■ Brief ■
What you hand back must match the records word for word, with no pictures.

■ Source records ■
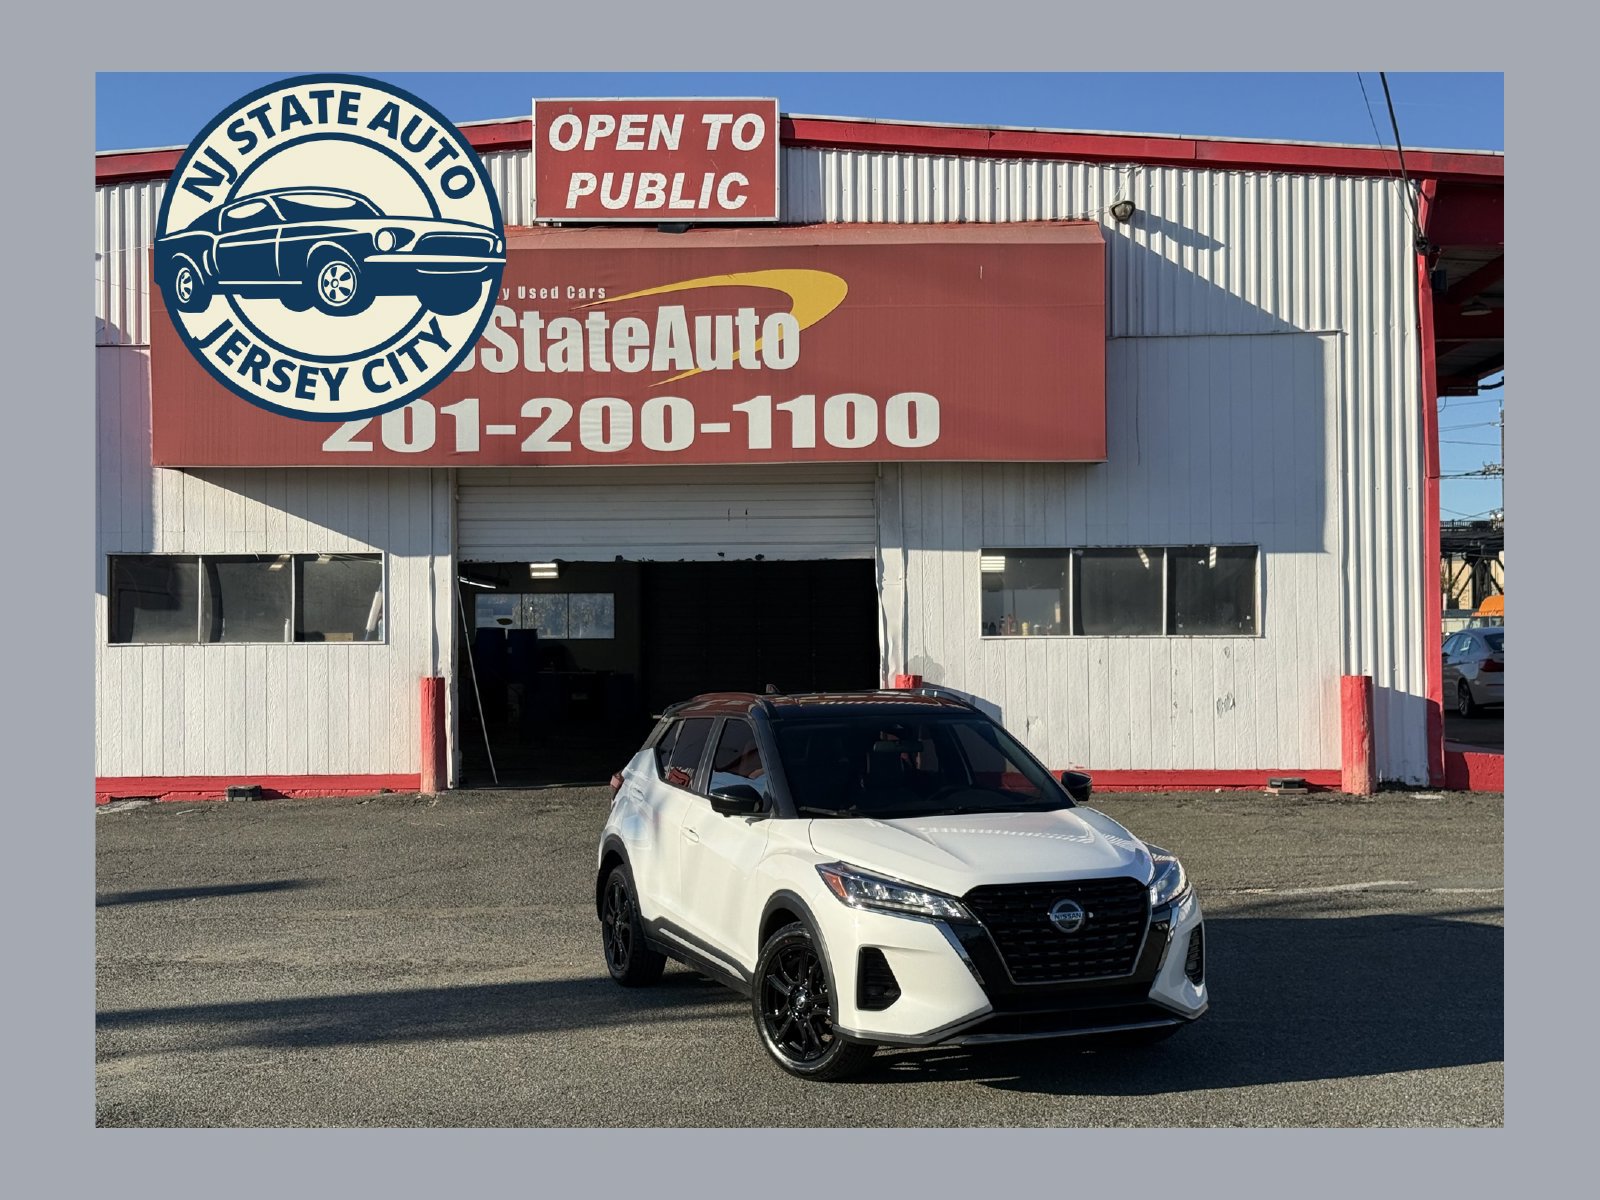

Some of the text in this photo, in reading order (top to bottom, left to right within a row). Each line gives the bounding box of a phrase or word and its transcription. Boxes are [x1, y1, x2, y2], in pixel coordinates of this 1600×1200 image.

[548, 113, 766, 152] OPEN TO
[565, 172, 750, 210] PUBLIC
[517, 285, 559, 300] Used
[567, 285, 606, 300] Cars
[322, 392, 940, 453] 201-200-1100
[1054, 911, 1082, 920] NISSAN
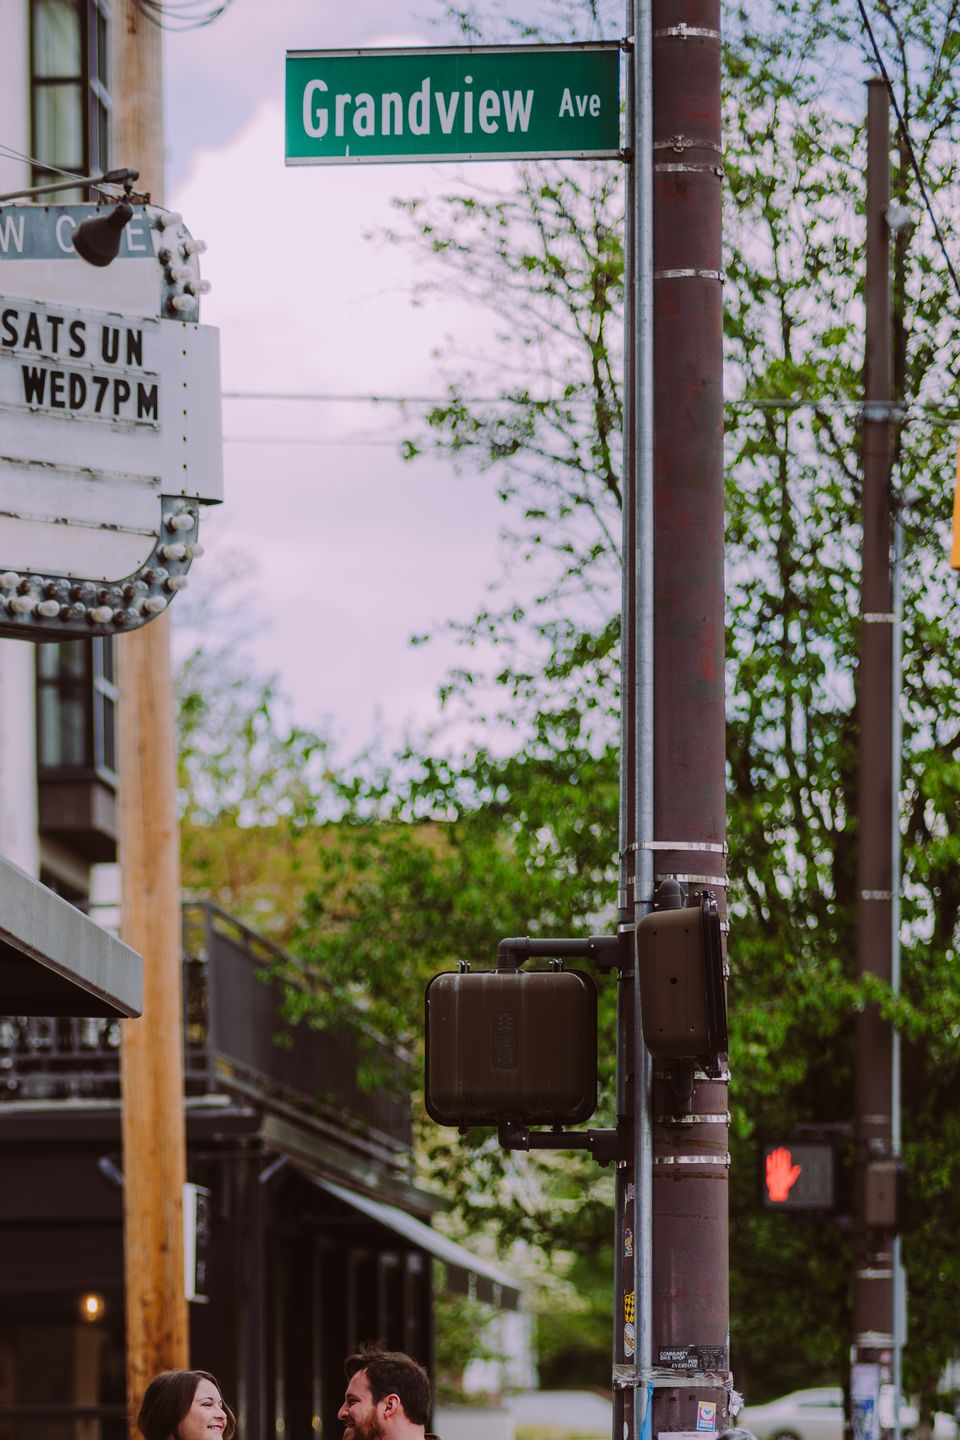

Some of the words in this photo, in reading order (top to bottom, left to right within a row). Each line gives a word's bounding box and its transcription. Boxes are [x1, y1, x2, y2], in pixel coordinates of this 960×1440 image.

■ Solved exercise ■
Some of the text in this photo, in reading order (top to bottom, left to right within a row). Each line gives the bounding box of a phrase or word and its transcription. Boxes are [x1, y1, x2, y2], in pixel coordinates of this 1600×1200 image.

[548, 113, 766, 152] OPEN TO
[565, 172, 750, 210] PUBLIC
[517, 285, 559, 300] Used
[567, 285, 606, 300] Cars
[322, 392, 940, 453] 201-200-1100
[1054, 911, 1082, 920] NISSAN

Some of the words in this photo, in reading order (top to bottom, left to right within a row). Each line gives a word's bounding box and its transcription. Boxes are [x1, y1, x2, y2], in pixel coordinates of this 960×1440 image.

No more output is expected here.